=== ENTRIES SHOWN ===
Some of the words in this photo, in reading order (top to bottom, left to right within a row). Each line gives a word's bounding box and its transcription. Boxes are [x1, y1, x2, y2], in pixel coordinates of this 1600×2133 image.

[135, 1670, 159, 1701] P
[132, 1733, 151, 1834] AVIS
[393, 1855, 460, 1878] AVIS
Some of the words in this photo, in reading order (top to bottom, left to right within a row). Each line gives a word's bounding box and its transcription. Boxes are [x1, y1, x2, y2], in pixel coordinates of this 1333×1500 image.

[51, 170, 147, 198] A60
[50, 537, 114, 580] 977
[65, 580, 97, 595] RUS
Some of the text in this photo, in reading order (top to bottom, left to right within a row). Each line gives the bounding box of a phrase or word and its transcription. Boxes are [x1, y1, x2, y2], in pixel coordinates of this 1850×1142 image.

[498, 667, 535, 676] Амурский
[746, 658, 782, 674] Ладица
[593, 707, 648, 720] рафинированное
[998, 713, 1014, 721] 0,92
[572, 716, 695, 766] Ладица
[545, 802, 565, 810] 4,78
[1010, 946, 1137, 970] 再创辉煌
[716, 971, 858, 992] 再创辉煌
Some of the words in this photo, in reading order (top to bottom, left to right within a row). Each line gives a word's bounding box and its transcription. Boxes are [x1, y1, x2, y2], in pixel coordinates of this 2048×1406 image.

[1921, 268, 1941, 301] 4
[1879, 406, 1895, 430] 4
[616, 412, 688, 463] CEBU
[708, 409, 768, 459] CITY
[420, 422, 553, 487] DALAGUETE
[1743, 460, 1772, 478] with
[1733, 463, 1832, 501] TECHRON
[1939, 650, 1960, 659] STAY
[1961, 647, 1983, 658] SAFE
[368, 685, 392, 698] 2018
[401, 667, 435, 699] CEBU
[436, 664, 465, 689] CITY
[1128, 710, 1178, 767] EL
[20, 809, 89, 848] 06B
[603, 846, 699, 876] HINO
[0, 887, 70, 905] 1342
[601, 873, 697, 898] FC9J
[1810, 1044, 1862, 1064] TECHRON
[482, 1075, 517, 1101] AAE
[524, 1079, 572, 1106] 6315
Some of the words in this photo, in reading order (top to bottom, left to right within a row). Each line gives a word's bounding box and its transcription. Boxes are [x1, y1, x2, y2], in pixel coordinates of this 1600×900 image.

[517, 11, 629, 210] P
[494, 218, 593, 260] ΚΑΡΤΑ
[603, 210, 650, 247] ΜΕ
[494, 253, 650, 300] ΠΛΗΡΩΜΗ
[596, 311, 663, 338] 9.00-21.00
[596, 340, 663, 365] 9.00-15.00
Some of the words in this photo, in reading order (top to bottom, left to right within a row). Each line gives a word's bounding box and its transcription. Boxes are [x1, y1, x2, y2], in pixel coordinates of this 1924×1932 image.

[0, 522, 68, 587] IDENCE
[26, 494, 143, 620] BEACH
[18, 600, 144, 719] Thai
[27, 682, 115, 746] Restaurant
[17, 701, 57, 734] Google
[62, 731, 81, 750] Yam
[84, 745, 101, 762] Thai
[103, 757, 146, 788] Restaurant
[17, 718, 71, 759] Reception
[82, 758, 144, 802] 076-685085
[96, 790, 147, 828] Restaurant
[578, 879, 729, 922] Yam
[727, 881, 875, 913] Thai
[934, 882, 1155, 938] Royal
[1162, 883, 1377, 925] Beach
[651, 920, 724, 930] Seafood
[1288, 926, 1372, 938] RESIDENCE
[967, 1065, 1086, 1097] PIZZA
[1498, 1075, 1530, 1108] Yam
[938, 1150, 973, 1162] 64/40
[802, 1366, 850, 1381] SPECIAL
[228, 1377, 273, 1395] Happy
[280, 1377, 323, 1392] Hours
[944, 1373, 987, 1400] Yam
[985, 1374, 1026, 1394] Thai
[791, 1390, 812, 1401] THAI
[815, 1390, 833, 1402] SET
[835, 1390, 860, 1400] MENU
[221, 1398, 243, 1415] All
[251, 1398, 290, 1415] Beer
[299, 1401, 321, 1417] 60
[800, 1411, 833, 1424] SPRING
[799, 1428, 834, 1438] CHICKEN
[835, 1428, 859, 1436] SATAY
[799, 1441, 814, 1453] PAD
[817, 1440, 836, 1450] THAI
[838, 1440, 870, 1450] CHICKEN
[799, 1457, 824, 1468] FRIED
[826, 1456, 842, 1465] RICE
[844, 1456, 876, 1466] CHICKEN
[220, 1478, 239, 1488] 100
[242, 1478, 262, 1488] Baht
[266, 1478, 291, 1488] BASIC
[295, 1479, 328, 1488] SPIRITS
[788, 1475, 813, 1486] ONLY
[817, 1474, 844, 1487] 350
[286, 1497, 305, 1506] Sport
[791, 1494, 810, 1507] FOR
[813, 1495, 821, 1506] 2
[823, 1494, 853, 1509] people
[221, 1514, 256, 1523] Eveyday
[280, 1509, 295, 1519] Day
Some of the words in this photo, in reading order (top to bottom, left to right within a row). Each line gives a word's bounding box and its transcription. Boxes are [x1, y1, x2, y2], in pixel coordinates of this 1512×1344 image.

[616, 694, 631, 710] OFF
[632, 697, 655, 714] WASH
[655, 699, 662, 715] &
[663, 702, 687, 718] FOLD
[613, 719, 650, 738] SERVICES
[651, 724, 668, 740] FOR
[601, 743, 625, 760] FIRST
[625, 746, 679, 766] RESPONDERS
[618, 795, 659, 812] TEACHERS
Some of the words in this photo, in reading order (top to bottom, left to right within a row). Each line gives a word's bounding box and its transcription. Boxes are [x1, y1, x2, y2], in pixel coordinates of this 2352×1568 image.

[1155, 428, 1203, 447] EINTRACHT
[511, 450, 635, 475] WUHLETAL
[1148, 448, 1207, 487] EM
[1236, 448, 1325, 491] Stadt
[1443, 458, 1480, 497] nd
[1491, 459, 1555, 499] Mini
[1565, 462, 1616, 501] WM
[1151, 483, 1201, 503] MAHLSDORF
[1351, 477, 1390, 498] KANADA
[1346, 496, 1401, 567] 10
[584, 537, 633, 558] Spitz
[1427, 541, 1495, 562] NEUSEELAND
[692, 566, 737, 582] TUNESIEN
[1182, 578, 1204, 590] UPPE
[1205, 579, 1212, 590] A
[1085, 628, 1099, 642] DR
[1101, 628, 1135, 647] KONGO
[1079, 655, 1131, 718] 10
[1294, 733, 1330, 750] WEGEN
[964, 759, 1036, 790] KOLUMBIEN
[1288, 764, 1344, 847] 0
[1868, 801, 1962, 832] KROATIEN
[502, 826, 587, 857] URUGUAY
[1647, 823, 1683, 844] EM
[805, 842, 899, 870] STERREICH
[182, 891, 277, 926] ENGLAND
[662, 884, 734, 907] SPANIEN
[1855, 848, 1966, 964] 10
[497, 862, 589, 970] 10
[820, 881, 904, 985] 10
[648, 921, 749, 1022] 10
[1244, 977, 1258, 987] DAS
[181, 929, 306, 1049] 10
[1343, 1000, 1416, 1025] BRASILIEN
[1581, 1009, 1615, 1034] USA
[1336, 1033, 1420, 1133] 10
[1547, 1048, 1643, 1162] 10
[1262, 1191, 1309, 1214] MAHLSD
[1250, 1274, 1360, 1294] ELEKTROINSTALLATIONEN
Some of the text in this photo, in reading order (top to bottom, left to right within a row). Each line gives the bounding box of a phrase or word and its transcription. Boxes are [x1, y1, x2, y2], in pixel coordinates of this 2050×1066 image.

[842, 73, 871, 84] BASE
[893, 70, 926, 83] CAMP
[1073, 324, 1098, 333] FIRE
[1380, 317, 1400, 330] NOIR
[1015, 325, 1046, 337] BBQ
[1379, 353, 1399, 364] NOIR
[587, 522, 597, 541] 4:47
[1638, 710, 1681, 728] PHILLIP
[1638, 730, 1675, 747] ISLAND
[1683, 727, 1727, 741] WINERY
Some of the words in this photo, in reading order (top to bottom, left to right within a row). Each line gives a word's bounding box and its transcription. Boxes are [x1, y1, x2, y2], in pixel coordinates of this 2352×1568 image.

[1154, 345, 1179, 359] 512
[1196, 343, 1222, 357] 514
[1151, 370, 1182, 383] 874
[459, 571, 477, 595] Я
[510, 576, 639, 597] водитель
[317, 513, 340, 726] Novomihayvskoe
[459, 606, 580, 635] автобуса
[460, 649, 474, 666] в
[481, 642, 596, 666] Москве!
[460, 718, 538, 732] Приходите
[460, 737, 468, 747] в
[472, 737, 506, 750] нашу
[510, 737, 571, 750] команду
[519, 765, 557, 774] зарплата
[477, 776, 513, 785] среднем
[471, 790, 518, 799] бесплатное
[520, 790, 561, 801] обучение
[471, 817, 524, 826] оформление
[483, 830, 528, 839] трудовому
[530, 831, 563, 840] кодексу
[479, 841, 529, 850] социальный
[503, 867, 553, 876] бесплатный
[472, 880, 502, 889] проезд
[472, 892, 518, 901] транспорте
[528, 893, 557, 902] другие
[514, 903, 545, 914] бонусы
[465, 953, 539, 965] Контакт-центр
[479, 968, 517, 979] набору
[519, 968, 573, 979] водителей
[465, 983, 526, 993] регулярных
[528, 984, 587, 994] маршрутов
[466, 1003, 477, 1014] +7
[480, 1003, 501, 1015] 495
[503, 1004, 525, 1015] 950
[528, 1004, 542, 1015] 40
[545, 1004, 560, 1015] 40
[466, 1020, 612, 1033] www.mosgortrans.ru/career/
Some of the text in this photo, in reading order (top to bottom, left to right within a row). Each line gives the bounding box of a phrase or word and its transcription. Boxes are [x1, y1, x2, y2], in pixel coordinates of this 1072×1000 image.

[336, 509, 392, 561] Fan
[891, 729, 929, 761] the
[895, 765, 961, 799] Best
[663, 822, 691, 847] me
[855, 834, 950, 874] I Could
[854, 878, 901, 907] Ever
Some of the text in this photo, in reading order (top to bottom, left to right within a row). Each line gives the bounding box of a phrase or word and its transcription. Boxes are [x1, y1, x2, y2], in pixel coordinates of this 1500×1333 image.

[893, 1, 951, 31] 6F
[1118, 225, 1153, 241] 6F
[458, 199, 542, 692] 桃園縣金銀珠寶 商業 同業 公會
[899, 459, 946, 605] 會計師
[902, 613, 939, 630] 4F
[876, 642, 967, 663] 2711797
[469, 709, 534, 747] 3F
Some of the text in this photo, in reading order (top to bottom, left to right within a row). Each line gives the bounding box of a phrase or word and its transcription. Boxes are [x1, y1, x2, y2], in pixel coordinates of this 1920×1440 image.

=== WHAT NEEDS TO BE DONE ===
Write the lines out again exactly, beginning at the line that contains "this 1072×1000 image." and stopping only at the final line of the listing above.

=== ANSWER TO THIS TASK ===
Some of the text in this photo, in reading order (top to bottom, left to right within a row). Each line gives the bounding box of a phrase or word and its transcription. Boxes are [x1, y1, x2, y2], in pixel coordinates of this 1072×1000 image.

[336, 509, 392, 561] Fan
[891, 729, 929, 761] the
[895, 765, 961, 799] Best
[663, 822, 691, 847] me
[855, 834, 950, 874] I Could
[854, 878, 901, 907] Ever
Some of the text in this photo, in reading order (top to bottom, left to right within a row). Each line gives the bounding box of a phrase or word and its transcription. Boxes are [x1, y1, x2, y2], in pixel coordinates of this 1500×1333 image.

[893, 1, 951, 31] 6F
[1118, 225, 1153, 241] 6F
[458, 199, 542, 692] 桃園縣金銀珠寶 商業 同業 公會
[899, 459, 946, 605] 會計師
[902, 613, 939, 630] 4F
[876, 642, 967, 663] 2711797
[469, 709, 534, 747] 3F
Some of the text in this photo, in reading order (top to bottom, left to right within a row). Each line gives the bounding box of a phrase or word and its transcription. Boxes are [x1, y1, x2, y2], in pixel coordinates of this 1920×1440 image.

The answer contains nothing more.